Wednesday, May 24, 2023

And Two More Parks

We walked through Parc Montsouris after the street market...and then, later, through the Luxembourg Gardens; and then back again to Luxembourg the next evening...

Not in English too; pretty far beyond the tourist zones

The usual beautiful landscaping, care, sculpture, etc.

Abundant historical information...en francais; one of many such
parks developed in the regime of Napoleon III; mainly to keep the
little people occupied, happy...not manning the barricades


Big lake; the whole area was known as La Glaciere because such lakes
provided much of Paris' ice in the 19th century

As always, a Guignol, puppet theater, plus plenty of kid playground
stuff

Lots of joggers on the seeming miles of paths

And now we are returning home through the nearby Luxembourg
Garden


Thank you, Maria de Medici, for the palace of one of Paris' great
gardens; the palace is now the French Senate

Parisians love their parks

The grass areas you can occupy are rotated; three-year-old grand-daughter
Penelope was once busted by a gendarme for singing and dancing in
one of the forbidden lawns


Men doing what men must do...petanque!

Team sport; this is what "let's go bowling, Dude" means here

The string hanging from his right hand is 
attached to a strong magnet, used for picking
up the solid metal balls

A game of inches, I mean, centimeters...

The next evening's promenade in a different part of the park...
mixed boxing lessons and practice

Great sculpture everywhere...and everything in bloom
The poet Verlaine

The physicist Edouard Banly, who taught in the
Catholic Institute around the corner from our street;
discoveries in radio waves, wireless transmission...

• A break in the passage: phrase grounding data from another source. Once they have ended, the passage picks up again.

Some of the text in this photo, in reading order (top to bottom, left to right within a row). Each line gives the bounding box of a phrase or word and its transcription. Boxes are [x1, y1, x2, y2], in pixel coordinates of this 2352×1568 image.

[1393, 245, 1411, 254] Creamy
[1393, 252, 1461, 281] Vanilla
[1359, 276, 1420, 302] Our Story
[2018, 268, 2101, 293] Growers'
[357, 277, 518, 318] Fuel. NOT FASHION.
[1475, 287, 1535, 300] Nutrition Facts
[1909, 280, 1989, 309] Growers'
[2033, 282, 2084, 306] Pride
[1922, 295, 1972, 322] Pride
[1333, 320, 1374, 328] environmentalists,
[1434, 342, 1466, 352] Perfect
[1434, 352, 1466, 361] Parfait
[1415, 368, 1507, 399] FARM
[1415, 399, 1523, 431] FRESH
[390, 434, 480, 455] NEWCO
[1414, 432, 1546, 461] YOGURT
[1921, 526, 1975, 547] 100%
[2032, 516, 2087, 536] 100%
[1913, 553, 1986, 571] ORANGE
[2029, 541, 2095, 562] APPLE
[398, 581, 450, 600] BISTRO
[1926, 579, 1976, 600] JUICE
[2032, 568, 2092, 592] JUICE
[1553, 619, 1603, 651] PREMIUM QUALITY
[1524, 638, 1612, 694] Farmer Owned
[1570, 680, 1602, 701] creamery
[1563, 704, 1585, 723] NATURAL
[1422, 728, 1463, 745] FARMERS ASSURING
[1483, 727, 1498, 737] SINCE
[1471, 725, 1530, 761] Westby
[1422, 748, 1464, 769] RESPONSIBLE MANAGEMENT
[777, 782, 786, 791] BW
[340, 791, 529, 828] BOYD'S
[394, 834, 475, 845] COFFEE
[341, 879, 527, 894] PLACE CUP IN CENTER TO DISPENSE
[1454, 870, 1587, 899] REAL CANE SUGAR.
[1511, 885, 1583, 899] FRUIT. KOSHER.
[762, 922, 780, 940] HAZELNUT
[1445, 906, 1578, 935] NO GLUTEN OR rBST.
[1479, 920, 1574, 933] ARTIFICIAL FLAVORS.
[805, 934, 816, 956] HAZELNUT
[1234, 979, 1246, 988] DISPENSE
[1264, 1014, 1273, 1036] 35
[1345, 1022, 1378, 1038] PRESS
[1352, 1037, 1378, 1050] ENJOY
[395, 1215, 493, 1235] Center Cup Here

A rare scene...American basketball

A copy placed here in honor of the victims of 9-11

Poet of the Piano

Weird cypress, in one of the botanical garden sections


The orchard at the south end is fenced off; contains 
some 600 varieties of pears and apples, among others

Largest buckeye ever, so far

Obligatory Guignol


Huge beautiful park




1 comment:

Tawana said...

Beautiful park. Not many statues of physicists in the world!